Clearing the decks for CBI to interrogate stamp paper scamster Abdul Karim Telgi, the Supreme Court today ordered that investigations into all 48 related cases be turned over to the agency.
The court said the states from which these 48 cases will be transferred to the CBI shall extend all cooperation to the agency for further probe. It directed the CBI to file a status report within four months and ruled that no high court in the country will entertain any petition on these 48 cases. Of the cases to be transferred to CBI, 23 are from Maharashtra, 10 from Karnataka, three each from Uttar Pradesh and Andhra Pradesh, two each from Tamil Nadu and Madhya Pradesh and one each from Bihar, Delhi, Gujarat, Kerala and West Bengal.

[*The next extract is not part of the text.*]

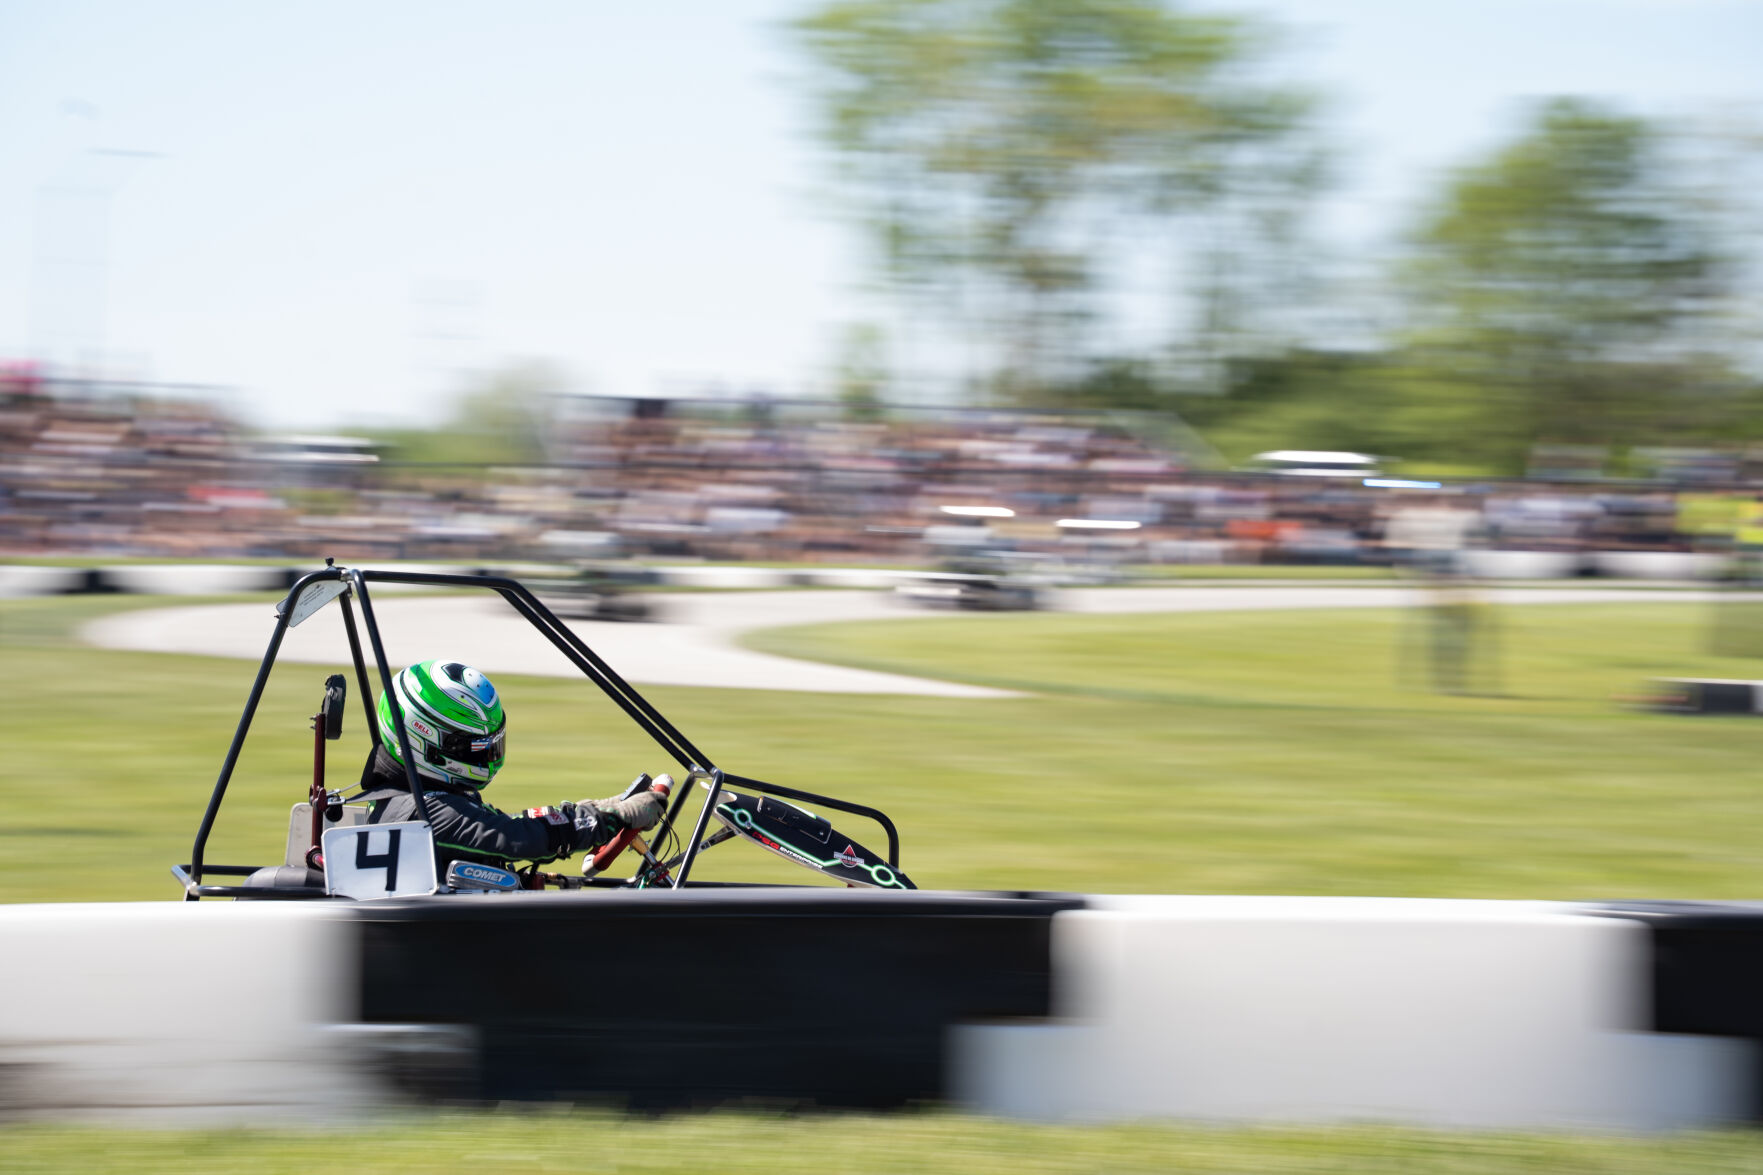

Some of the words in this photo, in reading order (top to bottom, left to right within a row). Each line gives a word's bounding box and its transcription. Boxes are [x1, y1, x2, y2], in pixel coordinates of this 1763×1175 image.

[413, 721, 429, 735] BELL
[355, 829, 402, 891] 4
[463, 867, 506, 882] COMET

Seizure of fake stamp papers, suspected involvement of inter-state gangs headed by Telgi and national security were the three major parameters taken into account by the CBI in identifying the 48 cases which it sought to investigate.

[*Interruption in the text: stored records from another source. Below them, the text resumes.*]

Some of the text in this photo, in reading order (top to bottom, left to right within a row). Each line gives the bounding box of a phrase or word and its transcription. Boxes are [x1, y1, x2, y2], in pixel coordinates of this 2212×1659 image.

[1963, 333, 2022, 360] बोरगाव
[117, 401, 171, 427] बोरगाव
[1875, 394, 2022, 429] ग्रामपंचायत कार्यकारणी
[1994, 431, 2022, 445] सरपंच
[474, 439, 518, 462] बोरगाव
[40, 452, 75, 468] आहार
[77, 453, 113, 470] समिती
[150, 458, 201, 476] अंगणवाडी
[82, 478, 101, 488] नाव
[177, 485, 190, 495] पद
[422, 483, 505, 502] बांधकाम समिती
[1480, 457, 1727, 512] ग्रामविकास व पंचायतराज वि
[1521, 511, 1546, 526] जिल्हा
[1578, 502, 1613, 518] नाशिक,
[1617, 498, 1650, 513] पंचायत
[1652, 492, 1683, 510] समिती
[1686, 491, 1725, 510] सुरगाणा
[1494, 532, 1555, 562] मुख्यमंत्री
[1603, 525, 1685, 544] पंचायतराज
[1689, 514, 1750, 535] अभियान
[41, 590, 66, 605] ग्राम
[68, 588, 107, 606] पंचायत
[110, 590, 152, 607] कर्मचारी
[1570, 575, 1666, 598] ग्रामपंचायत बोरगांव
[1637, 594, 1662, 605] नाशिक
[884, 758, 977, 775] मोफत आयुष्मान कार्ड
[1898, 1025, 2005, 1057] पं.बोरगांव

The court acceded to the agency’s request that the state police should give ‘‘CBI complete access to all the material collected by them during investigations.’’
Keeping in view the nature of field investigation required in the cases and its own resource constraints, the CBI sought to share resources of the states, including manpower, vehicles, camp offices and office equipment. The court allowed this request.
The CBI stated that in view of the enormity and magnitude of the task involved, it would be required to form more than one special investigation cell.
Reacting to the court decision, Maharashtra Home Minister R R Patil said that it was on expected lines: ‘‘Maharashtra governor has been demanding a CBI probe, the Centre had also demanded the same and Union Home Minister L K Advani had even alleged involvement of subversive forces in the stamp paper scam, making it all the more imperative to hand over these cases to CBI.’’
Maharashtra Chief Minister Sushilkumar Shinde also welcomed the Supreme Court decision, saying the state machinery would accord all necessary cooperation to the CBI in its investigation.
To a query on whether the Special Investigation Team would be disbanded after the court verdict, Shinde said he was yet to go through the entire verdict.
Meanwhile, the SIT is in a bit of a fix on summoning Sameer Bhujbal for the fourth questioning session since the CBI has been asked to take over the probe. ‘‘We had planned to summon Sameer on Wednesday or some day this week, but we may have to think on it now,’’ SIT sources told PTI. The SIT has already begun winding up its business and hand over the cases to CBI as early as possible.